Records from a collection:
[Start of section]
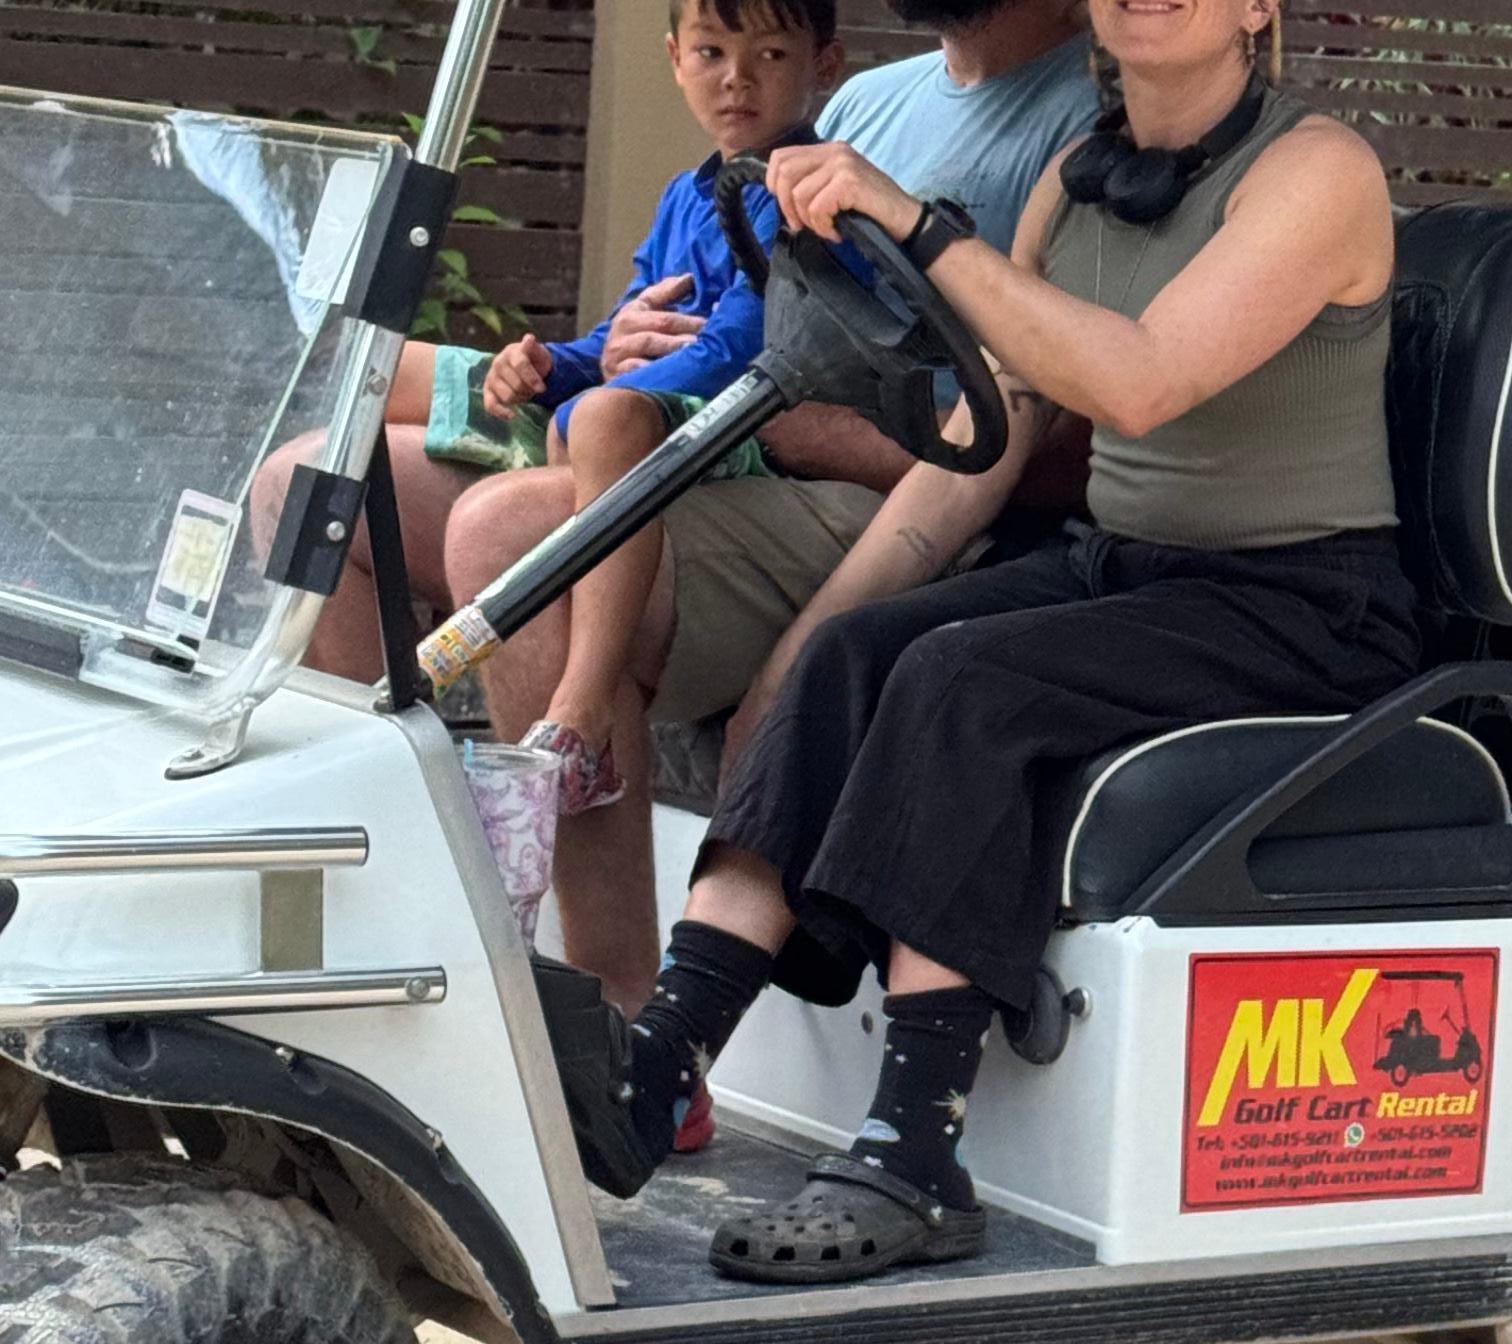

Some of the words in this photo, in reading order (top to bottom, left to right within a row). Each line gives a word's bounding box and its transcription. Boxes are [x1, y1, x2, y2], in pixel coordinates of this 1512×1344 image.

[1197, 968, 1380, 1126] MK
[1234, 1097, 1301, 1124] Golf
[1307, 1096, 1372, 1121] Cart
[1376, 1089, 1478, 1119] Rental
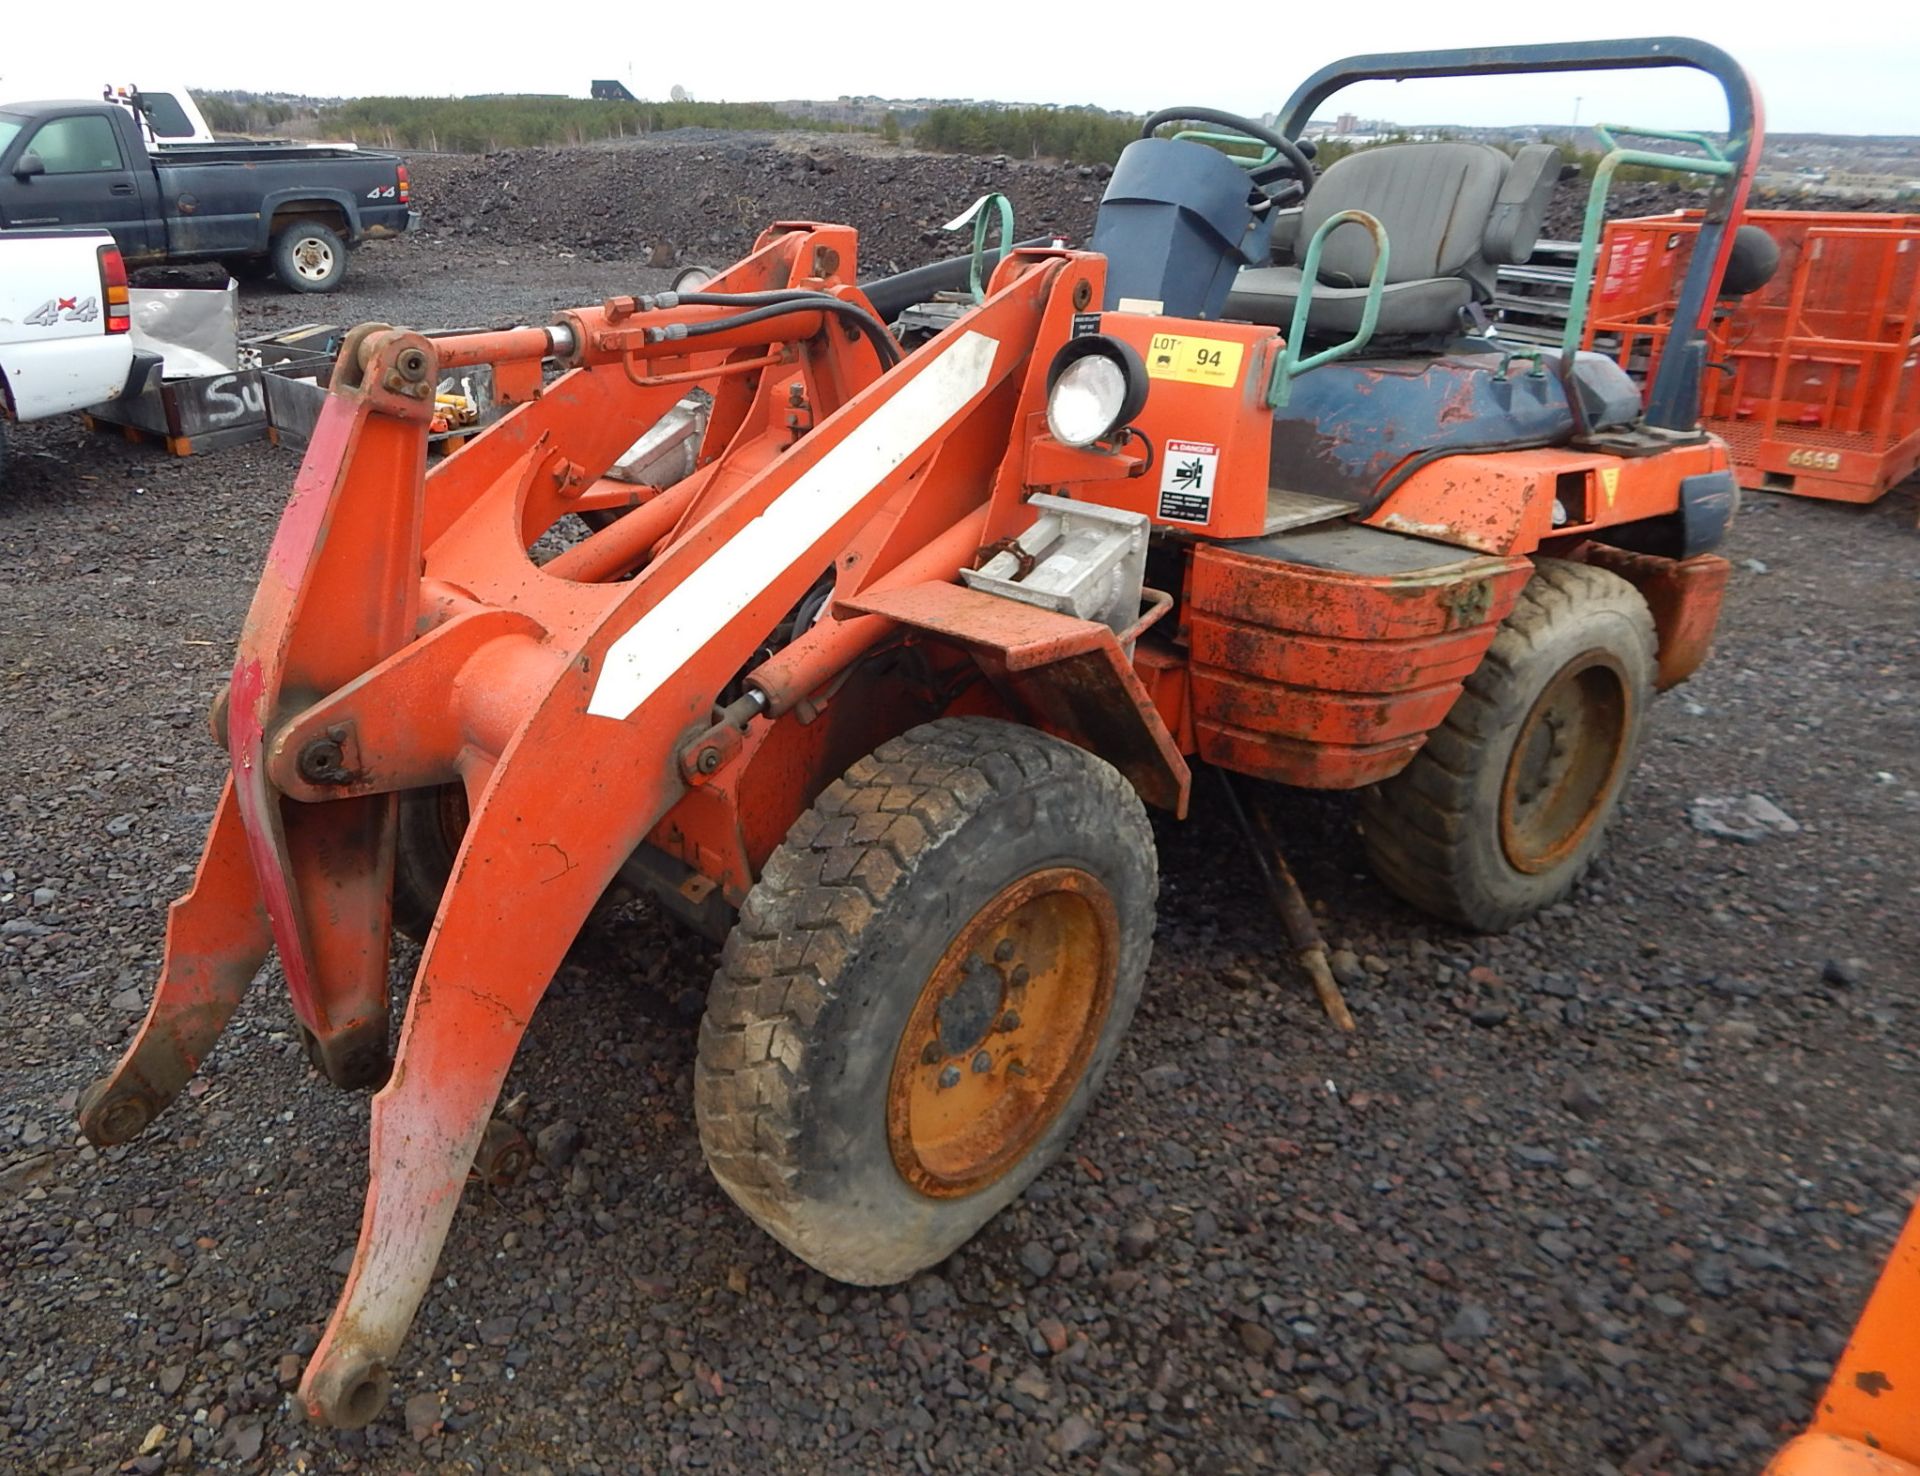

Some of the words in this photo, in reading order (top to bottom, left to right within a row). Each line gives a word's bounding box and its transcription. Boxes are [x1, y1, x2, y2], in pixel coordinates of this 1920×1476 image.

[1153, 337, 1178, 350] LOT
[1196, 348, 1222, 367] 94
[1179, 444, 1214, 454] DANGER
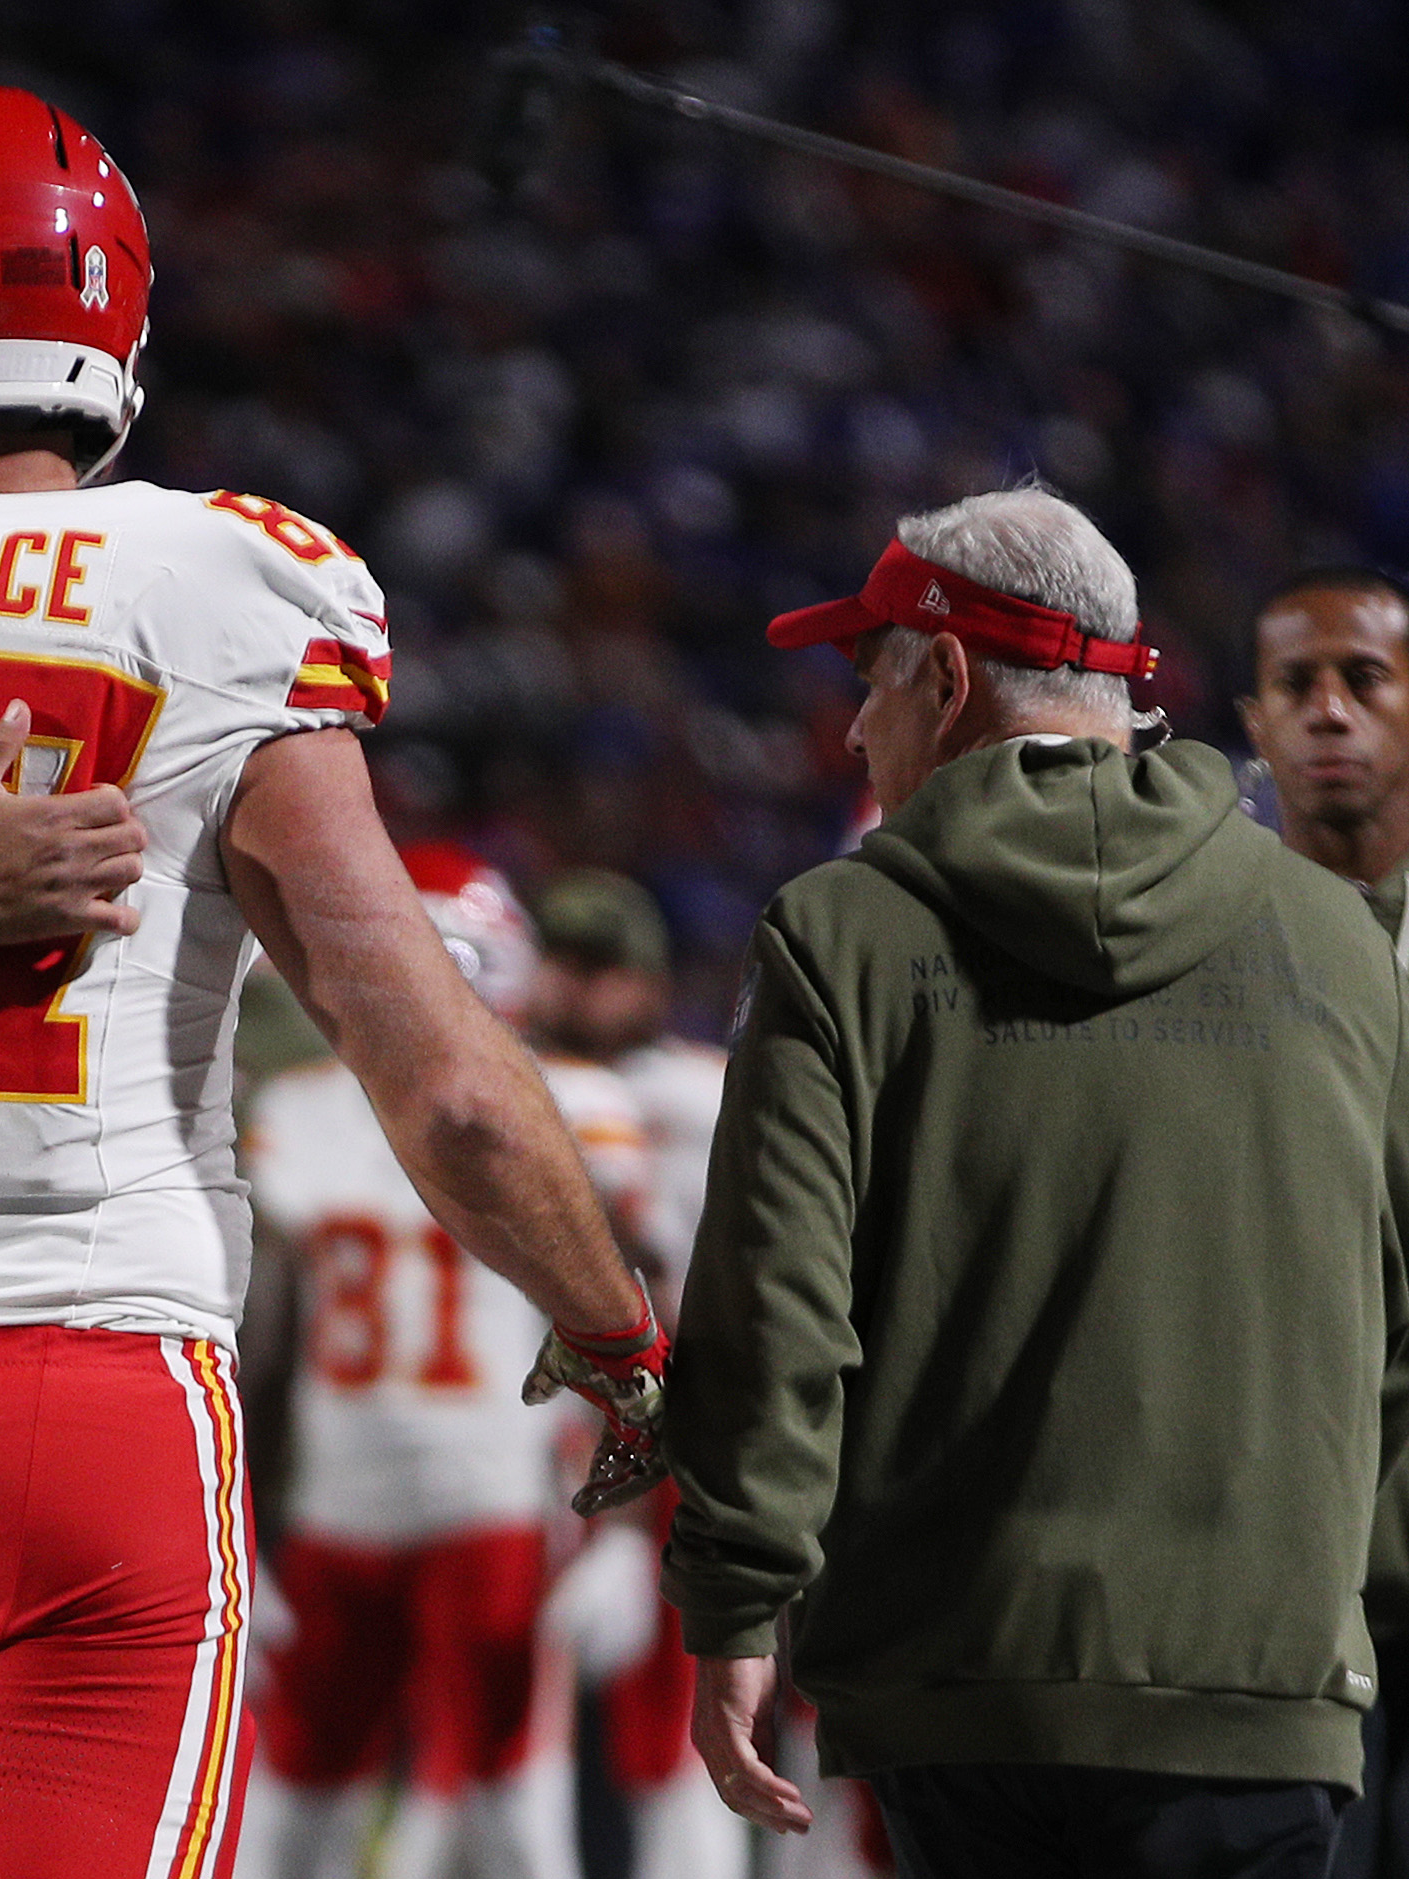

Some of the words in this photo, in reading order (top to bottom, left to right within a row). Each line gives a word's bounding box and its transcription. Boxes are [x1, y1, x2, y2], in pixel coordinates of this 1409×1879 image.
[End of section]
Leave the pictures out and reproduce every record above exactly.

_The completed task_.
Some of the words in this photo, in reading order (top to bottom, left to right within a row). Each line gives a word's bounding box and its transcription. Boxes are [x1, y1, x2, y2], in pixel coordinates of this 1512×1344 image.

[1197, 968, 1380, 1126] MK
[1234, 1097, 1301, 1124] Golf
[1307, 1096, 1372, 1121] Cart
[1376, 1089, 1478, 1119] Rental

Some of the words in this photo, in reading order (top to bottom, left to right within a row). Each line gives a word's bounding box and its transcription. Boxes are [x1, y1, x2, y2], in pixel coordinates of this 1920×1476 image.

[1153, 337, 1178, 350] LOT
[1196, 348, 1222, 367] 94
[1179, 444, 1214, 454] DANGER

Some of the words in this photo, in reading order (top to bottom, left to right within a row). Each line gives a word's bounding box and its transcription. Boxes are [x1, y1, x2, y2], in pixel coordinates of this 1409×1879 image.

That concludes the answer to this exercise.